[Referring expression grounding data]:
BEGIN
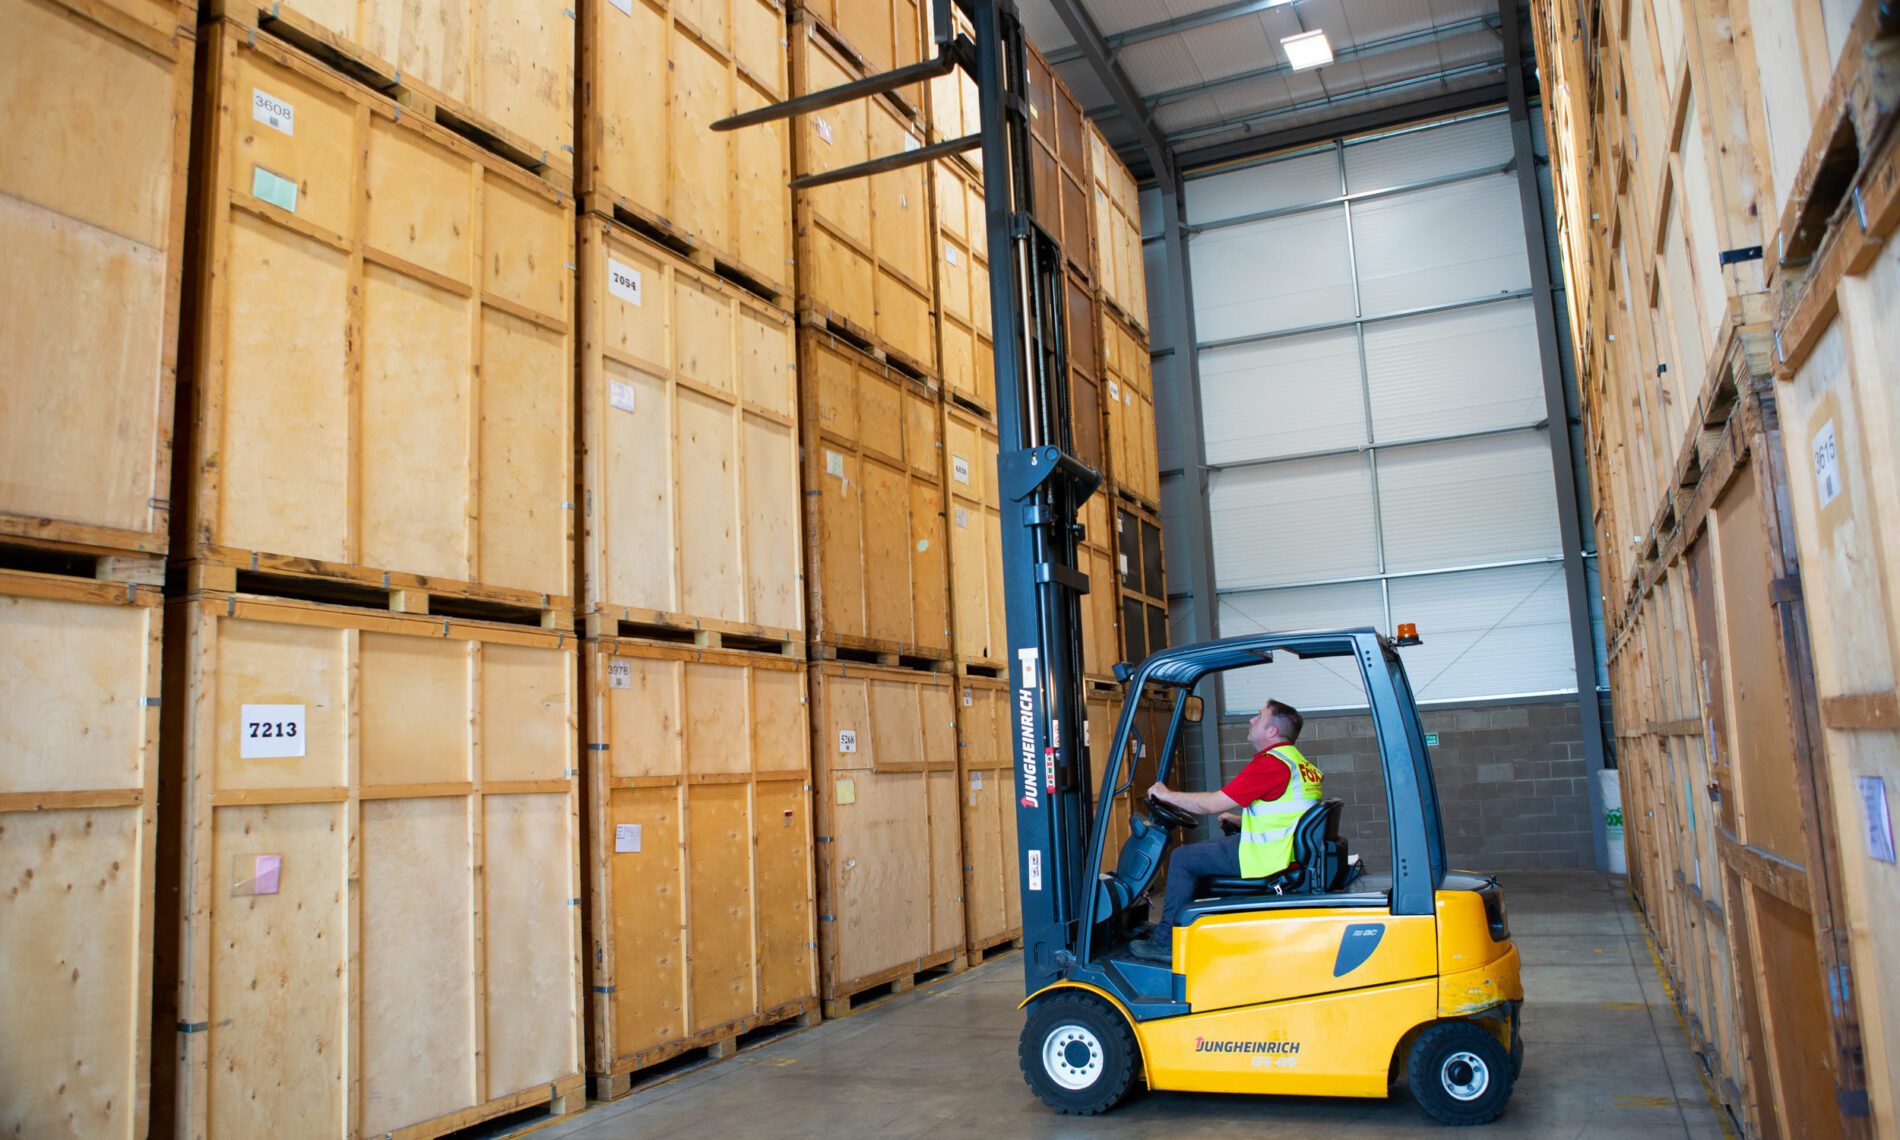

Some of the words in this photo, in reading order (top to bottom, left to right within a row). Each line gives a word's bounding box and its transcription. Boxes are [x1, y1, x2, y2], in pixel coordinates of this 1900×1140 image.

[255, 95, 292, 120] 3608
[613, 272, 637, 292] 7054
[1815, 434, 1836, 475] 3615
[608, 665, 629, 676] 3976
[249, 722, 298, 738] 7213
[1019, 689, 1039, 808] JUNGHEINRICH
[1196, 1040, 1300, 1054] JUNGHEINRICH
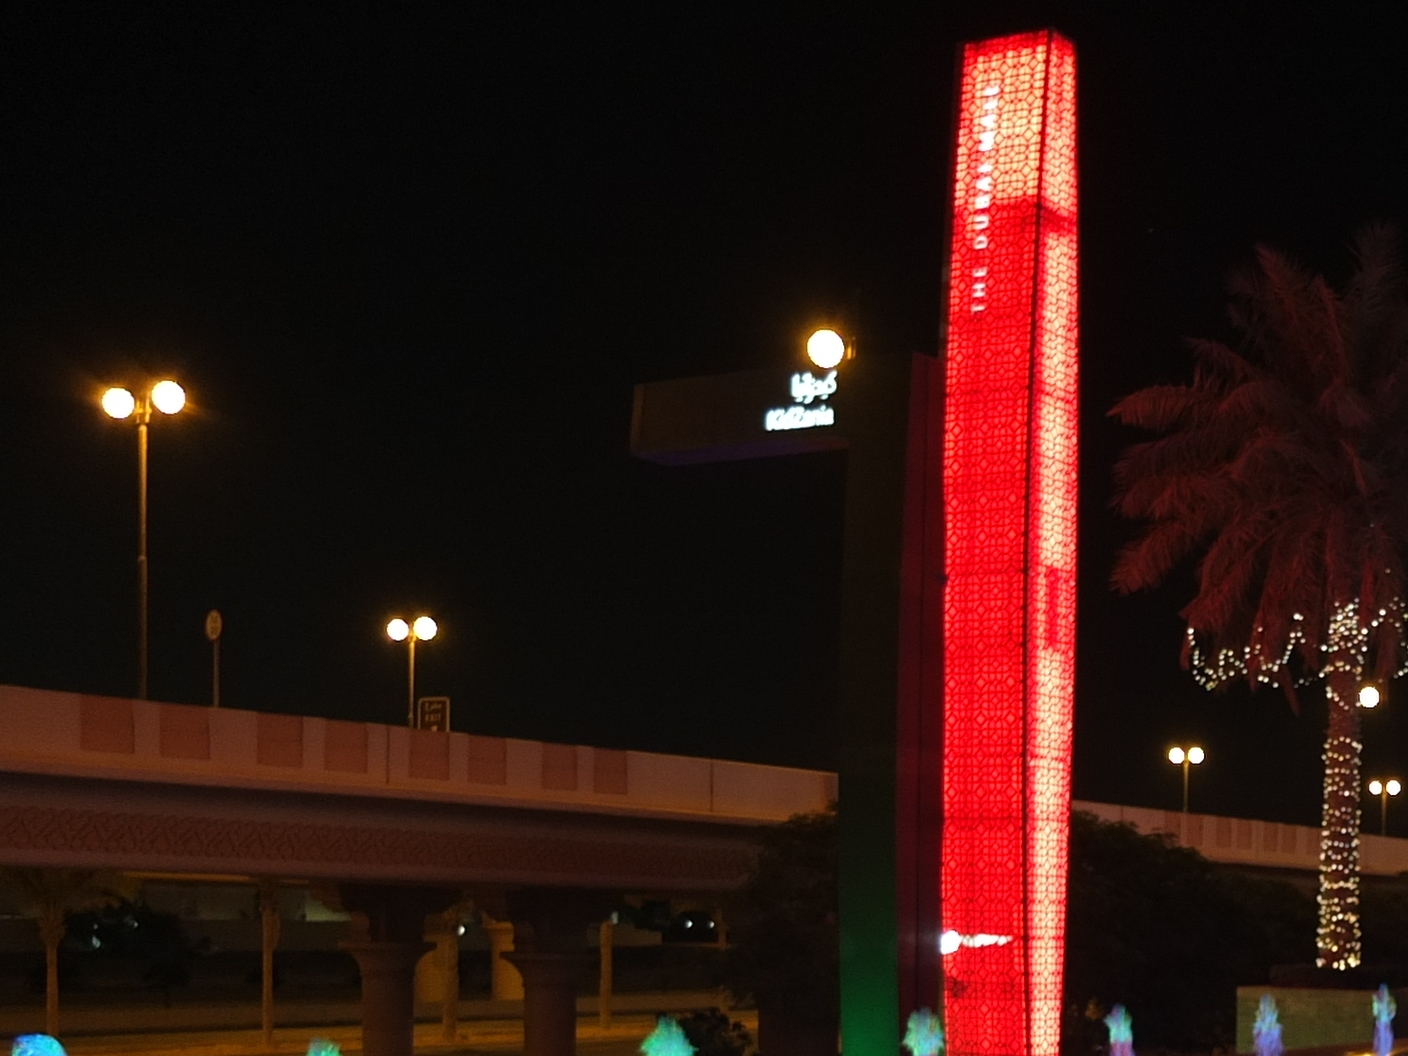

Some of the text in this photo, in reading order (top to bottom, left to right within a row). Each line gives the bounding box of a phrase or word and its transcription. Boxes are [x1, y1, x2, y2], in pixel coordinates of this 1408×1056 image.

[971, 85, 1000, 313] THE DUBAI MALL
END
Each entry should be output word for word, with no pictures carried over.

Some of the words in this photo, in reading order (top to bottom, left to right within a row). Each line gives a word's bounding box and its transcription. Boxes are [x1, y1, x2, y2], in pixel coordinates of this 1900×1140 image.

[255, 95, 292, 120] 3608
[613, 272, 637, 292] 7054
[1815, 434, 1836, 475] 3615
[608, 665, 629, 676] 3976
[249, 722, 298, 738] 7213
[1019, 689, 1039, 808] JUNGHEINRICH
[1196, 1040, 1300, 1054] JUNGHEINRICH

Some of the text in this photo, in reading order (top to bottom, left to right within a row). Each line gives the bounding box of a phrase or word and its transcription. Boxes are [x1, y1, x2, y2], in pixel coordinates of this 1408×1056 image.

[971, 85, 1000, 313] THE DUBAI MALL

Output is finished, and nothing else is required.